• _INPUT_

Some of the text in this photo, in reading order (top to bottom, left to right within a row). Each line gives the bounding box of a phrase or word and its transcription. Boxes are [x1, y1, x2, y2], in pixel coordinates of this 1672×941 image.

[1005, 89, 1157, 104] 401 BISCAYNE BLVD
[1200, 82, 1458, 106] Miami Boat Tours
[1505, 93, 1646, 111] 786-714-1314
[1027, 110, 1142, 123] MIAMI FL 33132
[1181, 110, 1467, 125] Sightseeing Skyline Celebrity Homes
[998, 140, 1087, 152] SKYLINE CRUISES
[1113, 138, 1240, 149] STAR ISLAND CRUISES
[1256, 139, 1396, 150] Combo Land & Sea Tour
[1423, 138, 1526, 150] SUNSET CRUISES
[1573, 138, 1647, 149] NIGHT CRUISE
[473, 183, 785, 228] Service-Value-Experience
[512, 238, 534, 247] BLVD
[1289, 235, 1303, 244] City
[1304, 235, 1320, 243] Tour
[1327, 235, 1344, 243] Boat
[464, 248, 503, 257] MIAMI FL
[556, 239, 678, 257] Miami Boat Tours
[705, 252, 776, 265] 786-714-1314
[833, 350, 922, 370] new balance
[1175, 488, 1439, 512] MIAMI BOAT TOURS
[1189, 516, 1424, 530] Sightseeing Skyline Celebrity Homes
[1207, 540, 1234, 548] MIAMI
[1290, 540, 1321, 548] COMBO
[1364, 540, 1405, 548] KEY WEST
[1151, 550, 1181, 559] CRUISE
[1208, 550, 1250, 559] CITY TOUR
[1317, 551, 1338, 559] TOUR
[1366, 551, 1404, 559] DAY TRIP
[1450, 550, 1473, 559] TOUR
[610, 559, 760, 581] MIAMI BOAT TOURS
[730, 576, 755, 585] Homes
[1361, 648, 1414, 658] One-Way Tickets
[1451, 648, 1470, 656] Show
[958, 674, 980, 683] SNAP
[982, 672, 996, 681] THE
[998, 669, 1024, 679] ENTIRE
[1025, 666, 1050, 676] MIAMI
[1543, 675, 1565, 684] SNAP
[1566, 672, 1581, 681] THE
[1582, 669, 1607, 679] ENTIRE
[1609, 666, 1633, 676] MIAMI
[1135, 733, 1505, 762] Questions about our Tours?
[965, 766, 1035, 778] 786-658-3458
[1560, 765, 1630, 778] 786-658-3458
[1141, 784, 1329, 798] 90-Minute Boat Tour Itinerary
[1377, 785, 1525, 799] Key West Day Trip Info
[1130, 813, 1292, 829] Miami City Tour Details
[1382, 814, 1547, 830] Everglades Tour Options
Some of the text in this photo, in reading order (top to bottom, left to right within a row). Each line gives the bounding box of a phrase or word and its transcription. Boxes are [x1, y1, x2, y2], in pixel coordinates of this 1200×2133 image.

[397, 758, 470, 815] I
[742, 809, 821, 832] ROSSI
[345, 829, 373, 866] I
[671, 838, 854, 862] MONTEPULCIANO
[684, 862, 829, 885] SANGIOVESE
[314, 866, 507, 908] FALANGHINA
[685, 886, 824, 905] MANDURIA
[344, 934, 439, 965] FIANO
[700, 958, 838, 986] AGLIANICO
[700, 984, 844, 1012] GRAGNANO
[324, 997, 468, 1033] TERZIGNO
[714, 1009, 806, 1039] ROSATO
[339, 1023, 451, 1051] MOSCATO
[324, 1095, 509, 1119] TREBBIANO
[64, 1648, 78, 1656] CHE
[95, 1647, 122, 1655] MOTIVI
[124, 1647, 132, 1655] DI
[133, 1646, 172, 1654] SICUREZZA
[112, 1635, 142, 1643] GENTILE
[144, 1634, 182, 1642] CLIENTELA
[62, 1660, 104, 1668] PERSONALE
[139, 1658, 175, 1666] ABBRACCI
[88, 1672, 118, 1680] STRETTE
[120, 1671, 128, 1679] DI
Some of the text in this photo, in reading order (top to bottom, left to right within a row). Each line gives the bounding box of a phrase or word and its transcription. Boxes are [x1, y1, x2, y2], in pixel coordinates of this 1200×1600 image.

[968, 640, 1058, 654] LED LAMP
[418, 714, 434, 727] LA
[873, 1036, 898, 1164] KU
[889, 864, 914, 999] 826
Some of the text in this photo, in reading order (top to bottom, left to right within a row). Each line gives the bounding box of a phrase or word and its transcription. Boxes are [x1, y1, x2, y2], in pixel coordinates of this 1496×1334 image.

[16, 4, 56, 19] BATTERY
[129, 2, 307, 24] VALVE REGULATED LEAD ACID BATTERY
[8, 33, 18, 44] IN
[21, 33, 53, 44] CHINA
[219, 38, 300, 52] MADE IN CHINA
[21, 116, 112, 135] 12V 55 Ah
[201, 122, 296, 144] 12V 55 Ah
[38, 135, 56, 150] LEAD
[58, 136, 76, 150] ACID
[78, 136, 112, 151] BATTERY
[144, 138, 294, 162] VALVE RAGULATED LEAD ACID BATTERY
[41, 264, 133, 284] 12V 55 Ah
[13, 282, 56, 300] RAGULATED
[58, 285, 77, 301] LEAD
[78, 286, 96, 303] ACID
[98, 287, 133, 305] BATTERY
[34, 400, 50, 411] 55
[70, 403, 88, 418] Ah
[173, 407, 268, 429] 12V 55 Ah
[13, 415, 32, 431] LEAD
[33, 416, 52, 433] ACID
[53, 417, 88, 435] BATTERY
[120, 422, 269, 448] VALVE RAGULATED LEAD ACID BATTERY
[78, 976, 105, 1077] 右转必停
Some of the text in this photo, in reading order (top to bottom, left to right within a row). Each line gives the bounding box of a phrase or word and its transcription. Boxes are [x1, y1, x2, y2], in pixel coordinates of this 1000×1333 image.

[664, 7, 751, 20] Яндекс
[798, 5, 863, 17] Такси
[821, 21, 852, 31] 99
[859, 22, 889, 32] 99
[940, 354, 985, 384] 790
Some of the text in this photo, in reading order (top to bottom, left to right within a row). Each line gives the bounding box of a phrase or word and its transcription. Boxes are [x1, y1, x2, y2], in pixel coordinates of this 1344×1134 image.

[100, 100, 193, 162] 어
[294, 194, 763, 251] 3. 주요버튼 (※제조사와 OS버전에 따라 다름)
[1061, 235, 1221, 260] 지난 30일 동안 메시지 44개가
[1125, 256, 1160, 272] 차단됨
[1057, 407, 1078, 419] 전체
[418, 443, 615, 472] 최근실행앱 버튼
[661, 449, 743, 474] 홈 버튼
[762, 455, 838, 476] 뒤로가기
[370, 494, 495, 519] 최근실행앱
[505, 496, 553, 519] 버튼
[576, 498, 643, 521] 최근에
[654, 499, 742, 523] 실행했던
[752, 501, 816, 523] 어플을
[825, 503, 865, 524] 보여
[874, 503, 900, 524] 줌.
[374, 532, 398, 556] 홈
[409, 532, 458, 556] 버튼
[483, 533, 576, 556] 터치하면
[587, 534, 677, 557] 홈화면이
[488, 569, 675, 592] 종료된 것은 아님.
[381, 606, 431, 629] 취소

• _DIRECTIONS FOR THIS TASK_
From the listing above, reproduce all the lines exactly.

• _TASK RESULT_
Some of the text in this photo, in reading order (top to bottom, left to right within a row). Each line gives the bounding box of a phrase or word and its transcription. Boxes are [x1, y1, x2, y2], in pixel coordinates of this 1672×941 image.

[1005, 89, 1157, 104] 401 BISCAYNE BLVD
[1200, 82, 1458, 106] Miami Boat Tours
[1505, 93, 1646, 111] 786-714-1314
[1027, 110, 1142, 123] MIAMI FL 33132
[1181, 110, 1467, 125] Sightseeing Skyline Celebrity Homes
[998, 140, 1087, 152] SKYLINE CRUISES
[1113, 138, 1240, 149] STAR ISLAND CRUISES
[1256, 139, 1396, 150] Combo Land & Sea Tour
[1423, 138, 1526, 150] SUNSET CRUISES
[1573, 138, 1647, 149] NIGHT CRUISE
[473, 183, 785, 228] Service-Value-Experience
[512, 238, 534, 247] BLVD
[1289, 235, 1303, 244] City
[1304, 235, 1320, 243] Tour
[1327, 235, 1344, 243] Boat
[464, 248, 503, 257] MIAMI FL
[556, 239, 678, 257] Miami Boat Tours
[705, 252, 776, 265] 786-714-1314
[833, 350, 922, 370] new balance
[1175, 488, 1439, 512] MIAMI BOAT TOURS
[1189, 516, 1424, 530] Sightseeing Skyline Celebrity Homes
[1207, 540, 1234, 548] MIAMI
[1290, 540, 1321, 548] COMBO
[1364, 540, 1405, 548] KEY WEST
[1151, 550, 1181, 559] CRUISE
[1208, 550, 1250, 559] CITY TOUR
[1317, 551, 1338, 559] TOUR
[1366, 551, 1404, 559] DAY TRIP
[1450, 550, 1473, 559] TOUR
[610, 559, 760, 581] MIAMI BOAT TOURS
[730, 576, 755, 585] Homes
[1361, 648, 1414, 658] One-Way Tickets
[1451, 648, 1470, 656] Show
[958, 674, 980, 683] SNAP
[982, 672, 996, 681] THE
[998, 669, 1024, 679] ENTIRE
[1025, 666, 1050, 676] MIAMI
[1543, 675, 1565, 684] SNAP
[1566, 672, 1581, 681] THE
[1582, 669, 1607, 679] ENTIRE
[1609, 666, 1633, 676] MIAMI
[1135, 733, 1505, 762] Questions about our Tours?
[965, 766, 1035, 778] 786-658-3458
[1560, 765, 1630, 778] 786-658-3458
[1141, 784, 1329, 798] 90-Minute Boat Tour Itinerary
[1377, 785, 1525, 799] Key West Day Trip Info
[1130, 813, 1292, 829] Miami City Tour Details
[1382, 814, 1547, 830] Everglades Tour Options
Some of the text in this photo, in reading order (top to bottom, left to right within a row). Each line gives the bounding box of a phrase or word and its transcription. Boxes are [x1, y1, x2, y2], in pixel coordinates of this 1200×2133 image.

[397, 758, 470, 815] I
[742, 809, 821, 832] ROSSI
[345, 829, 373, 866] I
[671, 838, 854, 862] MONTEPULCIANO
[684, 862, 829, 885] SANGIOVESE
[314, 866, 507, 908] FALANGHINA
[685, 886, 824, 905] MANDURIA
[344, 934, 439, 965] FIANO
[700, 958, 838, 986] AGLIANICO
[700, 984, 844, 1012] GRAGNANO
[324, 997, 468, 1033] TERZIGNO
[714, 1009, 806, 1039] ROSATO
[339, 1023, 451, 1051] MOSCATO
[324, 1095, 509, 1119] TREBBIANO
[64, 1648, 78, 1656] CHE
[95, 1647, 122, 1655] MOTIVI
[124, 1647, 132, 1655] DI
[133, 1646, 172, 1654] SICUREZZA
[112, 1635, 142, 1643] GENTILE
[144, 1634, 182, 1642] CLIENTELA
[62, 1660, 104, 1668] PERSONALE
[139, 1658, 175, 1666] ABBRACCI
[88, 1672, 118, 1680] STRETTE
[120, 1671, 128, 1679] DI
Some of the text in this photo, in reading order (top to bottom, left to right within a row). Each line gives the bounding box of a phrase or word and its transcription. Boxes are [x1, y1, x2, y2], in pixel coordinates of this 1200×1600 image.

[968, 640, 1058, 654] LED LAMP
[418, 714, 434, 727] LA
[873, 1036, 898, 1164] KU
[889, 864, 914, 999] 826
Some of the text in this photo, in reading order (top to bottom, left to right within a row). Each line gives the bounding box of a phrase or word and its transcription. Boxes are [x1, y1, x2, y2], in pixel coordinates of this 1496×1334 image.

[16, 4, 56, 19] BATTERY
[129, 2, 307, 24] VALVE REGULATED LEAD ACID BATTERY
[8, 33, 18, 44] IN
[21, 33, 53, 44] CHINA
[219, 38, 300, 52] MADE IN CHINA
[21, 116, 112, 135] 12V 55 Ah
[201, 122, 296, 144] 12V 55 Ah
[38, 135, 56, 150] LEAD
[58, 136, 76, 150] ACID
[78, 136, 112, 151] BATTERY
[144, 138, 294, 162] VALVE RAGULATED LEAD ACID BATTERY
[41, 264, 133, 284] 12V 55 Ah
[13, 282, 56, 300] RAGULATED
[58, 285, 77, 301] LEAD
[78, 286, 96, 303] ACID
[98, 287, 133, 305] BATTERY
[34, 400, 50, 411] 55
[70, 403, 88, 418] Ah
[173, 407, 268, 429] 12V 55 Ah
[13, 415, 32, 431] LEAD
[33, 416, 52, 433] ACID
[53, 417, 88, 435] BATTERY
[120, 422, 269, 448] VALVE RAGULATED LEAD ACID BATTERY
[78, 976, 105, 1077] 右转必停
Some of the text in this photo, in reading order (top to bottom, left to right within a row). Each line gives the bounding box of a phrase or word and its transcription. Boxes are [x1, y1, x2, y2], in pixel coordinates of this 1000×1333 image.

[664, 7, 751, 20] Яндекс
[798, 5, 863, 17] Такси
[821, 21, 852, 31] 99
[859, 22, 889, 32] 99
[940, 354, 985, 384] 790
Some of the text in this photo, in reading order (top to bottom, left to right within a row). Each line gives the bounding box of a phrase or word and its transcription. Boxes are [x1, y1, x2, y2], in pixel coordinates of this 1344×1134 image.

[100, 100, 193, 162] 어
[294, 194, 763, 251] 3. 주요버튼 (※제조사와 OS버전에 따라 다름)
[1061, 235, 1221, 260] 지난 30일 동안 메시지 44개가
[1125, 256, 1160, 272] 차단됨
[1057, 407, 1078, 419] 전체
[418, 443, 615, 472] 최근실행앱 버튼
[661, 449, 743, 474] 홈 버튼
[762, 455, 838, 476] 뒤로가기
[370, 494, 495, 519] 최근실행앱
[505, 496, 553, 519] 버튼
[576, 498, 643, 521] 최근에
[654, 499, 742, 523] 실행했던
[752, 501, 816, 523] 어플을
[825, 503, 865, 524] 보여
[874, 503, 900, 524] 줌.
[374, 532, 398, 556] 홈
[409, 532, 458, 556] 버튼
[483, 533, 576, 556] 터치하면
[587, 534, 677, 557] 홈화면이
[488, 569, 675, 592] 종료된 것은 아님.
[381, 606, 431, 629] 취소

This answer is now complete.